| WHAT YOU ARE ASKED TO DO |
While you copy the lines below, skip the pictures and keep the rest exact.

| SUPPLIED MATERIAL |
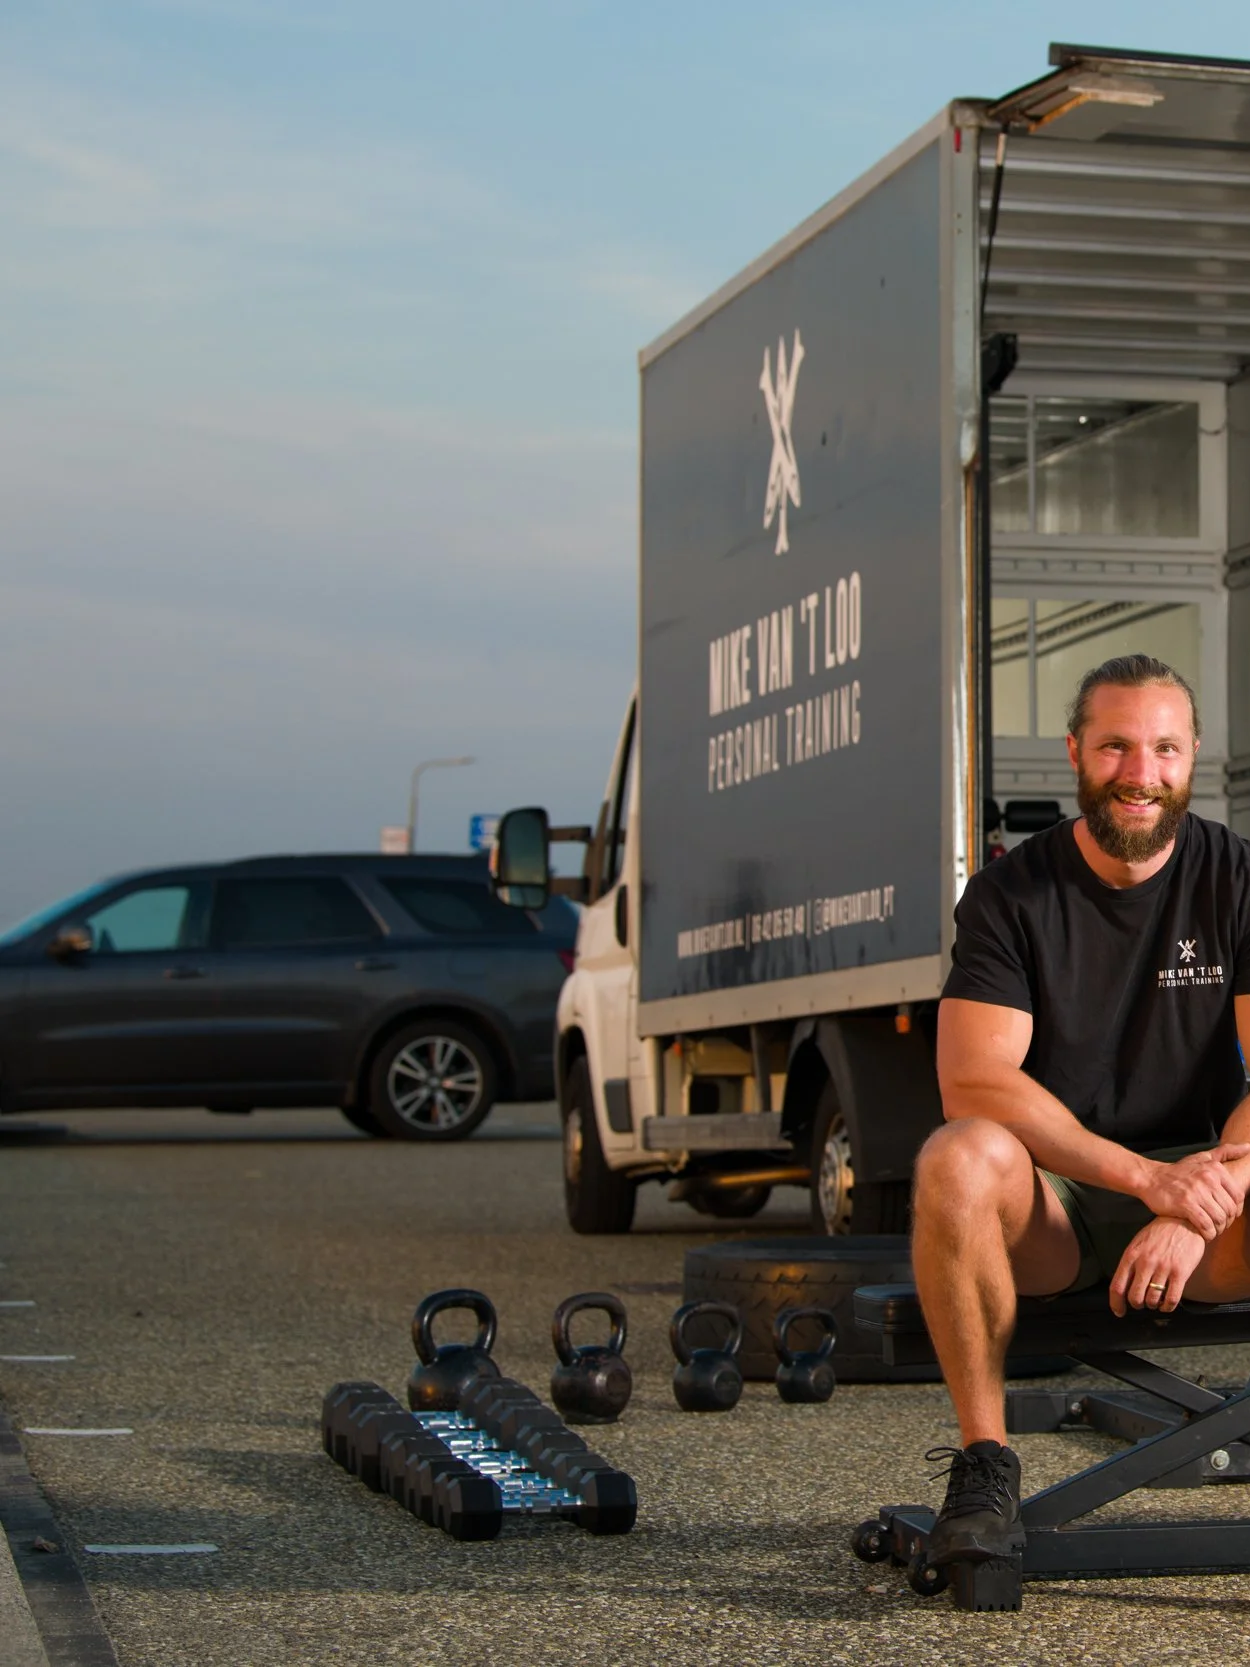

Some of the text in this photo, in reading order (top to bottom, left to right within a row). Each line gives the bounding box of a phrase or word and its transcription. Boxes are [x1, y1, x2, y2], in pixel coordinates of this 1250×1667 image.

[709, 571, 860, 717] MIKE VAN 'T LOO
[708, 680, 860, 793] PERSONAL TRAINING
[1158, 970, 1176, 979] MIKE
[1177, 968, 1194, 978] VAN
[1208, 965, 1223, 976] LOO
[1158, 976, 1224, 988] PERSONAL TRAINING

| SOLUTION TO THE PROBLEM |
Some of the text in this photo, in reading order (top to bottom, left to right within a row). Each line gives the bounding box of a phrase or word and its transcription. Boxes are [x1, y1, x2, y2], in pixel coordinates of this 1250×1667 image.

[709, 571, 860, 717] MIKE VAN 'T LOO
[708, 680, 860, 793] PERSONAL TRAINING
[1158, 970, 1176, 979] MIKE
[1177, 968, 1194, 978] VAN
[1208, 965, 1223, 976] LOO
[1158, 976, 1224, 988] PERSONAL TRAINING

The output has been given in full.